[Spatial localization data]
# # # #

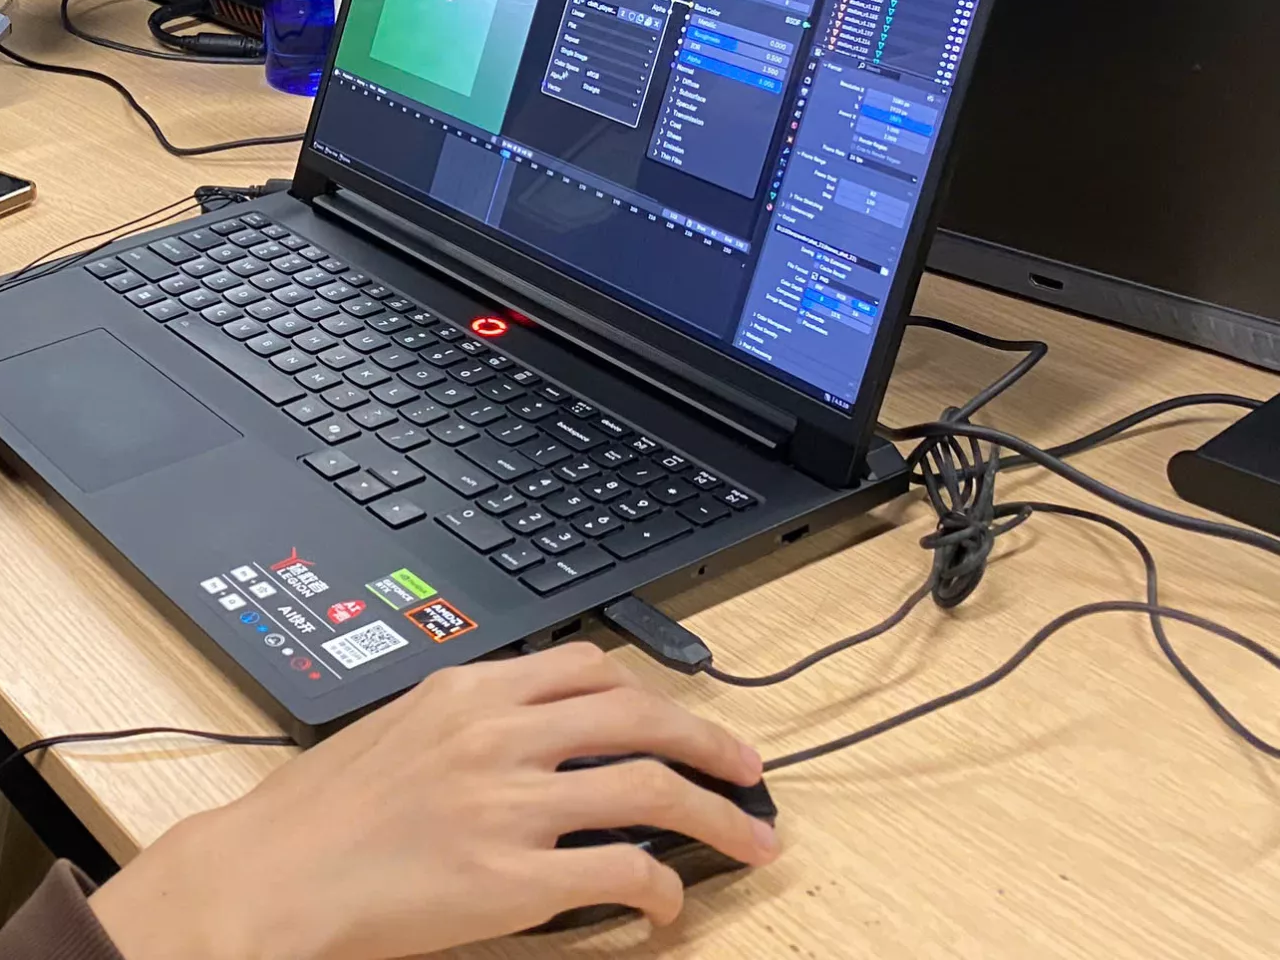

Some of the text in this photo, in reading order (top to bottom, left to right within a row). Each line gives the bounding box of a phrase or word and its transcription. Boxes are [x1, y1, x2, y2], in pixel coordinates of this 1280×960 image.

[556, 421, 590, 442] backspace
[556, 561, 577, 575] enter
[276, 568, 315, 598] LEGION
[374, 581, 392, 593] RTX
[382, 578, 415, 602] GEFORCE
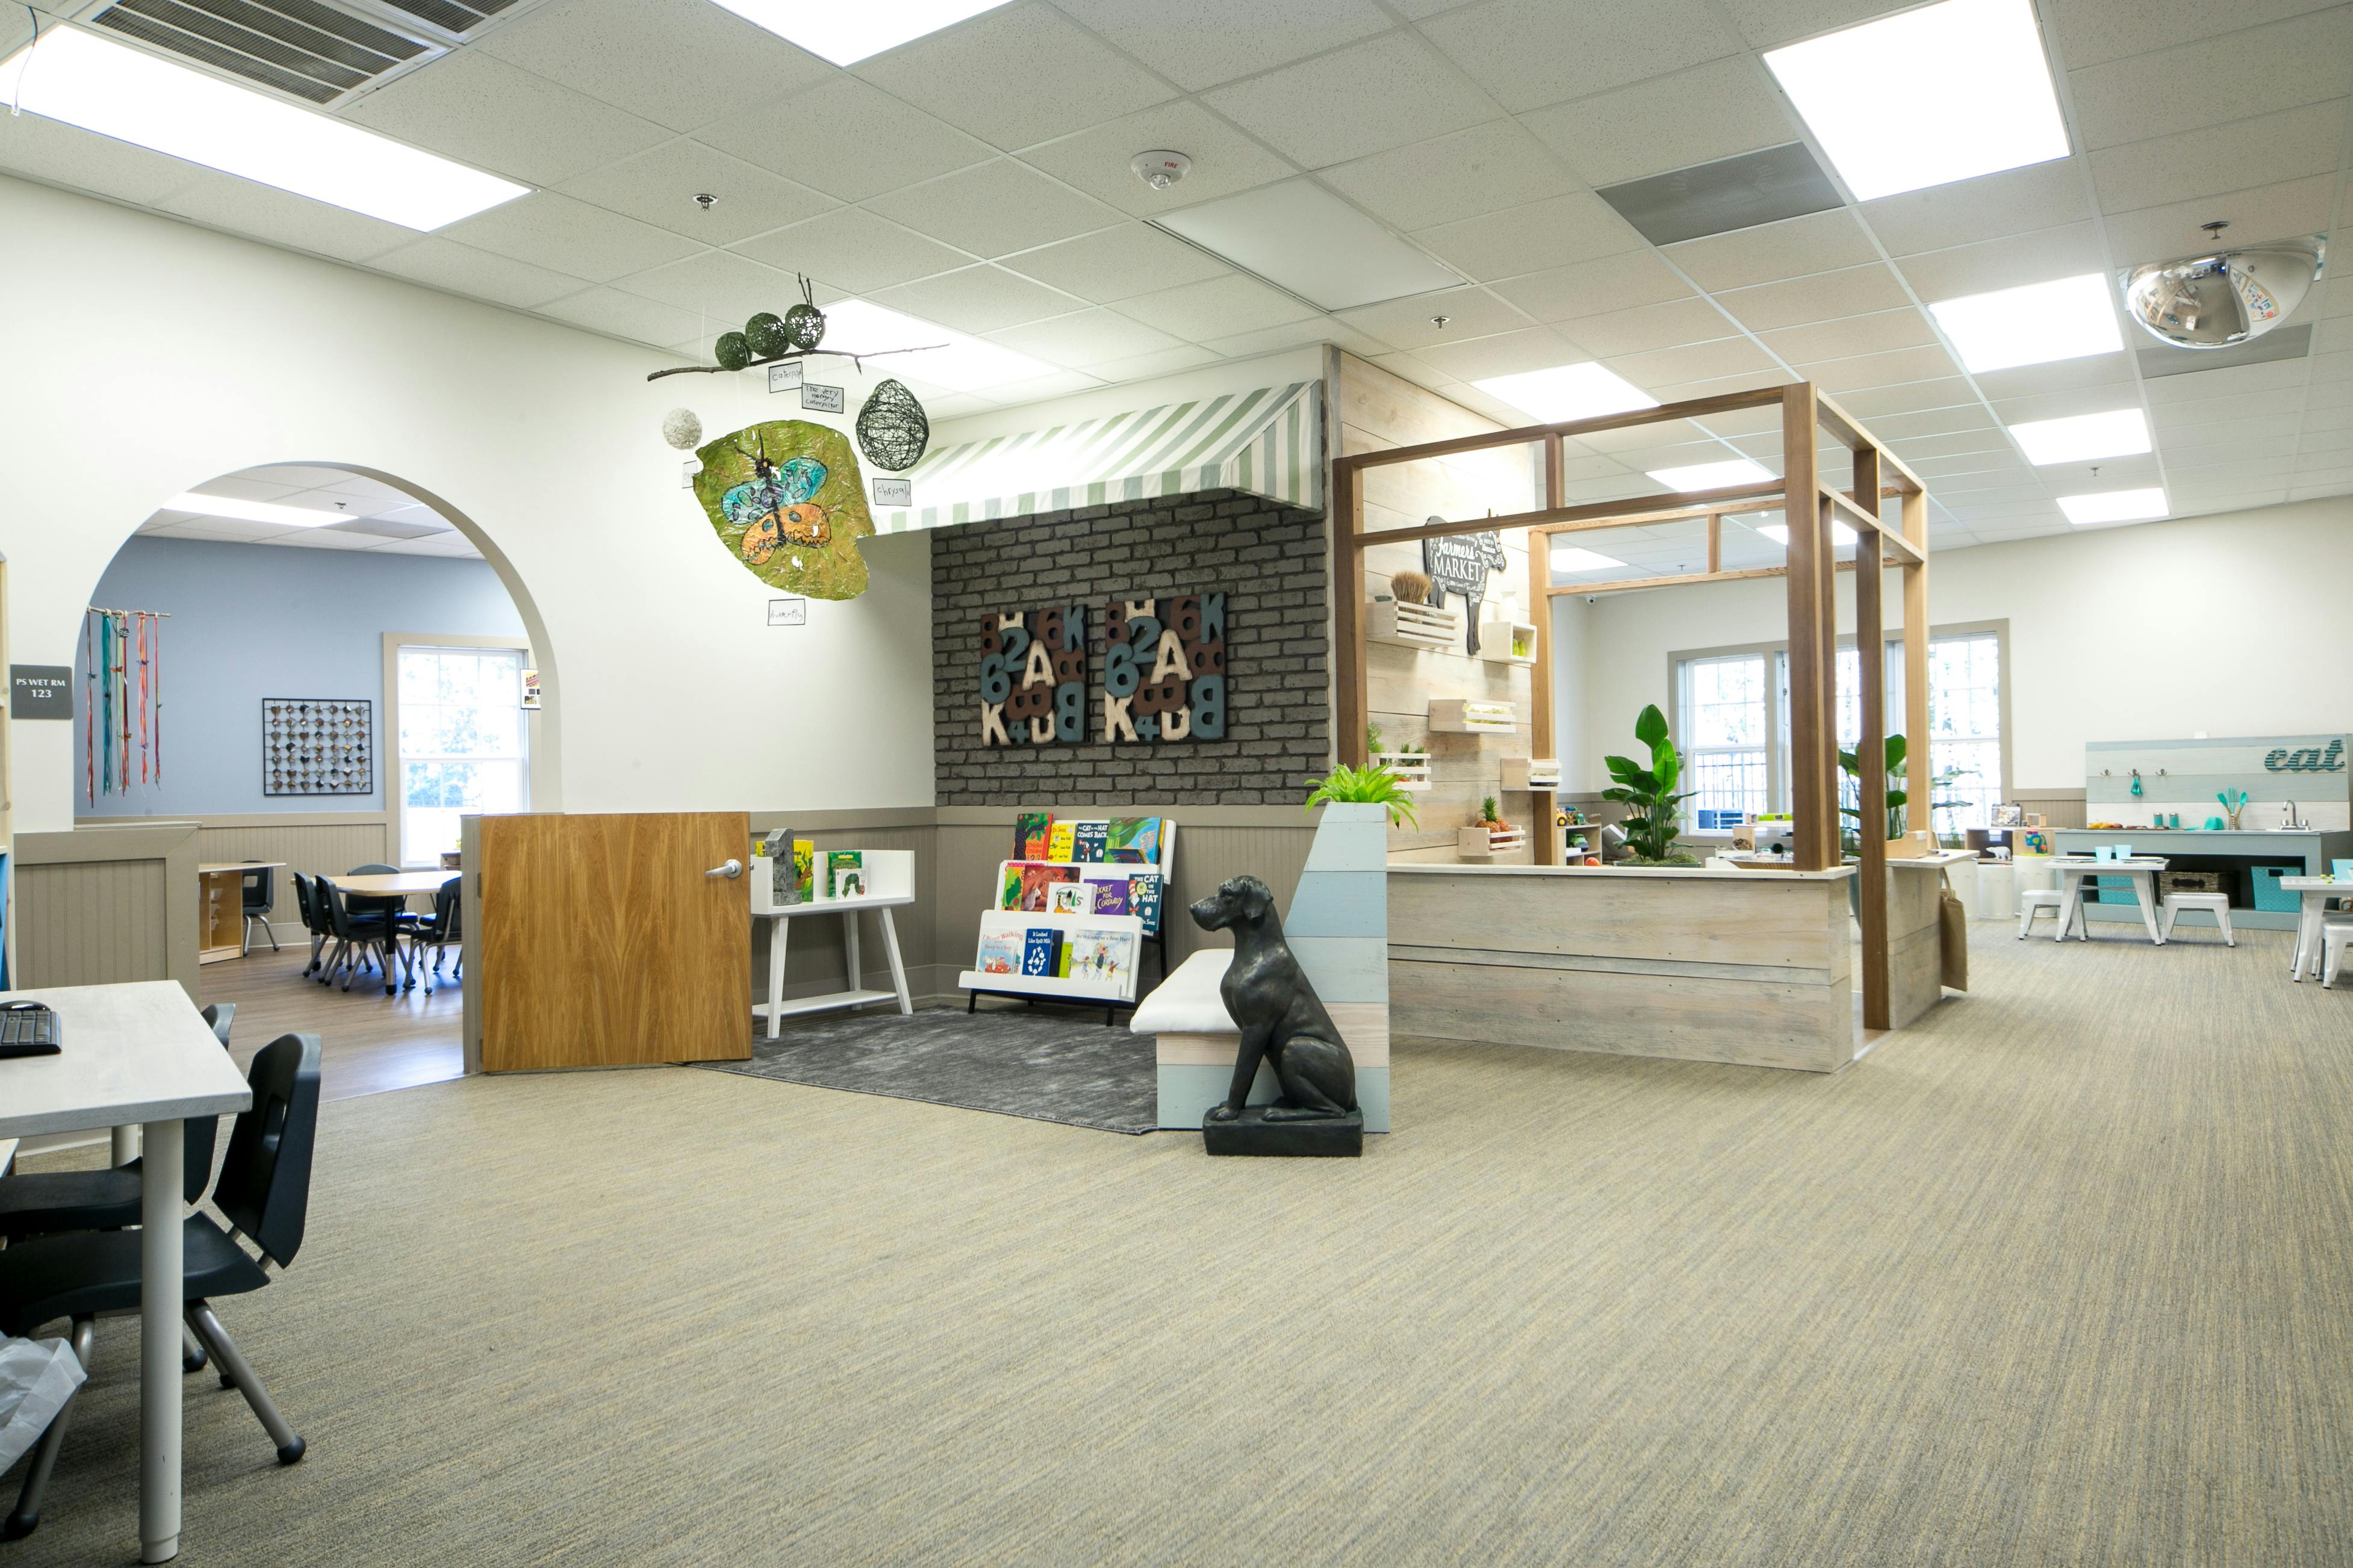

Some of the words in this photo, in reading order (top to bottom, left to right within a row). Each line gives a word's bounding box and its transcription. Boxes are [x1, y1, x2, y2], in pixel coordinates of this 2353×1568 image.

[1433, 554, 1481, 582] MARKET
[31, 689, 52, 698] 123
[2264, 739, 2346, 772] eat
[1097, 884, 1113, 894] OCKET
[1142, 894, 1158, 903] HAT
[1001, 931, 1024, 941] Walking
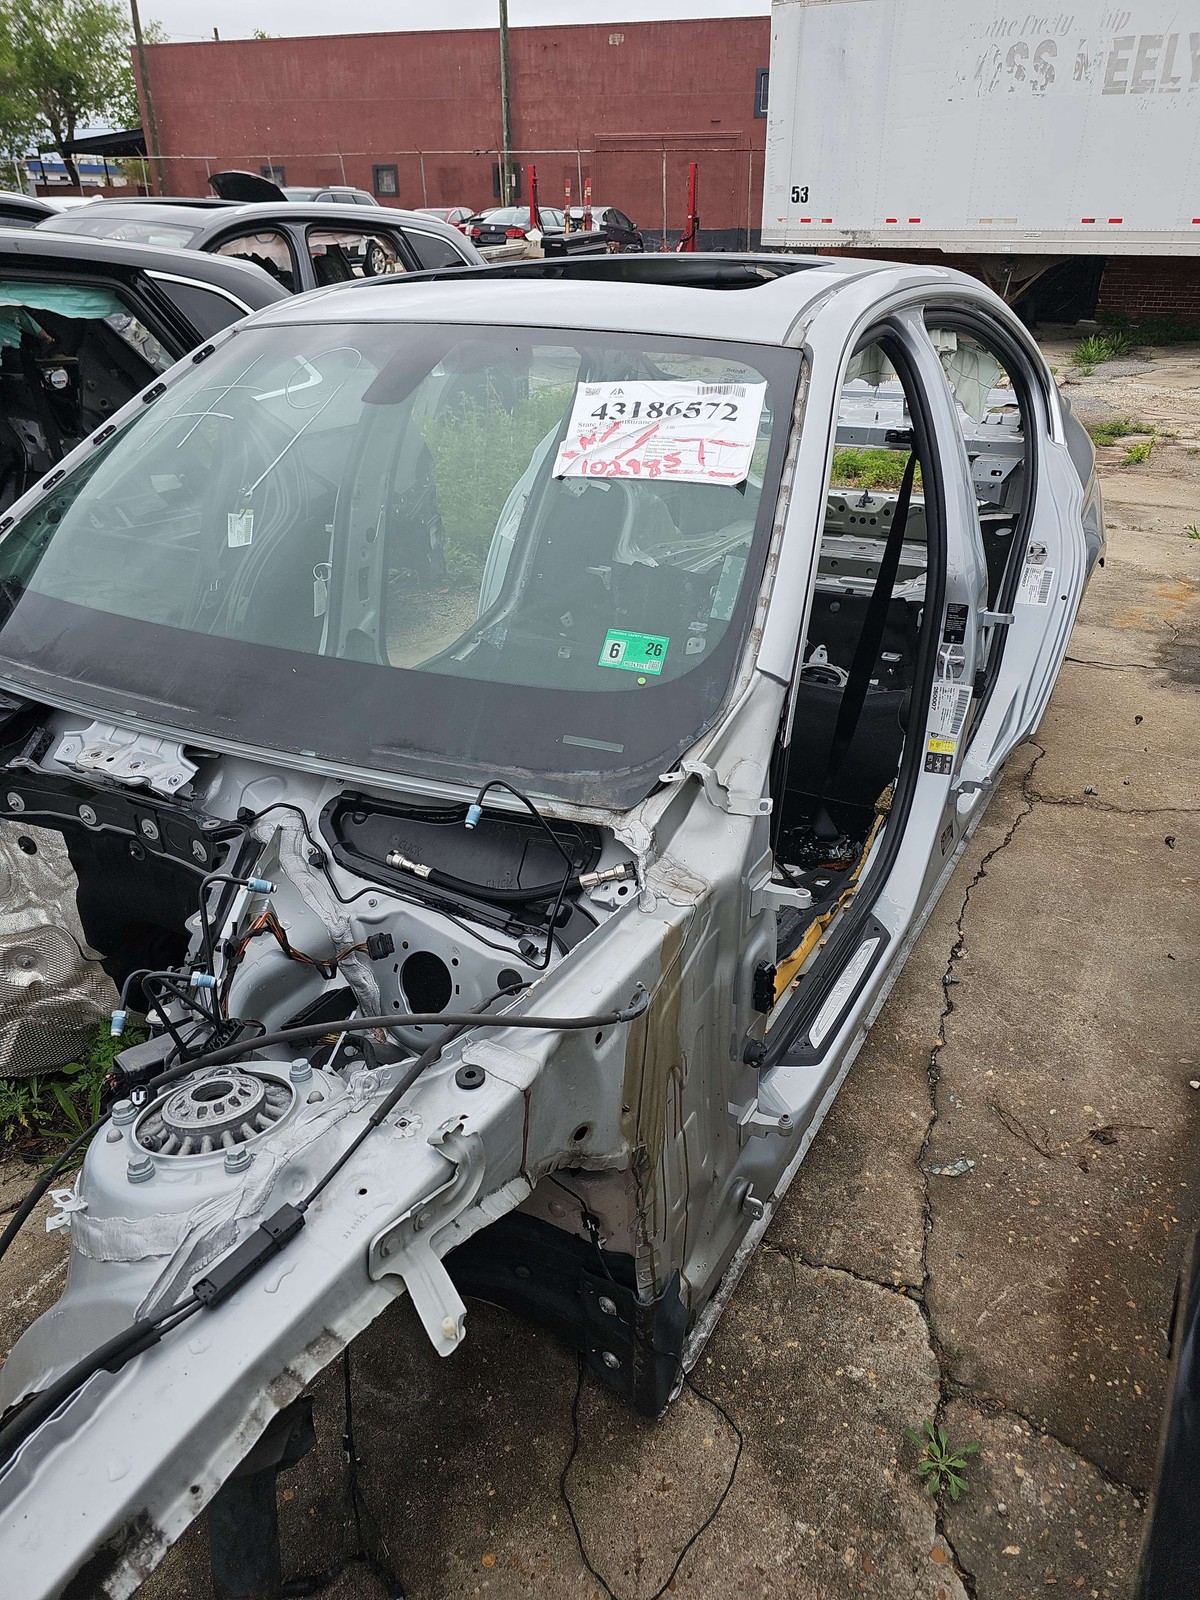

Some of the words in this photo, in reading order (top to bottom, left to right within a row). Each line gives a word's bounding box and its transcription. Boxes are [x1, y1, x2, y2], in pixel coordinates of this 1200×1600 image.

[791, 185, 809, 204] 53
[590, 401, 739, 422] 43186572
[609, 642, 621, 659] 6
[645, 642, 663, 657] 26
[398, 840, 423, 857] CLICK
[486, 878, 514, 889] CLICK

# # # #

# Your instructions
Write out exactly the lines from the one with "this 1200×1600 image." through the end of the records above, both ends included, and leave out all other lines.

# Written reply
Some of the words in this photo, in reading order (top to bottom, left to right within a row). Each line gives a word's bounding box and its transcription. Boxes are [x1, y1, x2, y2], in pixel coordinates of this 1200×1600 image.

[791, 185, 809, 204] 53
[590, 401, 739, 422] 43186572
[609, 642, 621, 659] 6
[645, 642, 663, 657] 26
[398, 840, 423, 857] CLICK
[486, 878, 514, 889] CLICK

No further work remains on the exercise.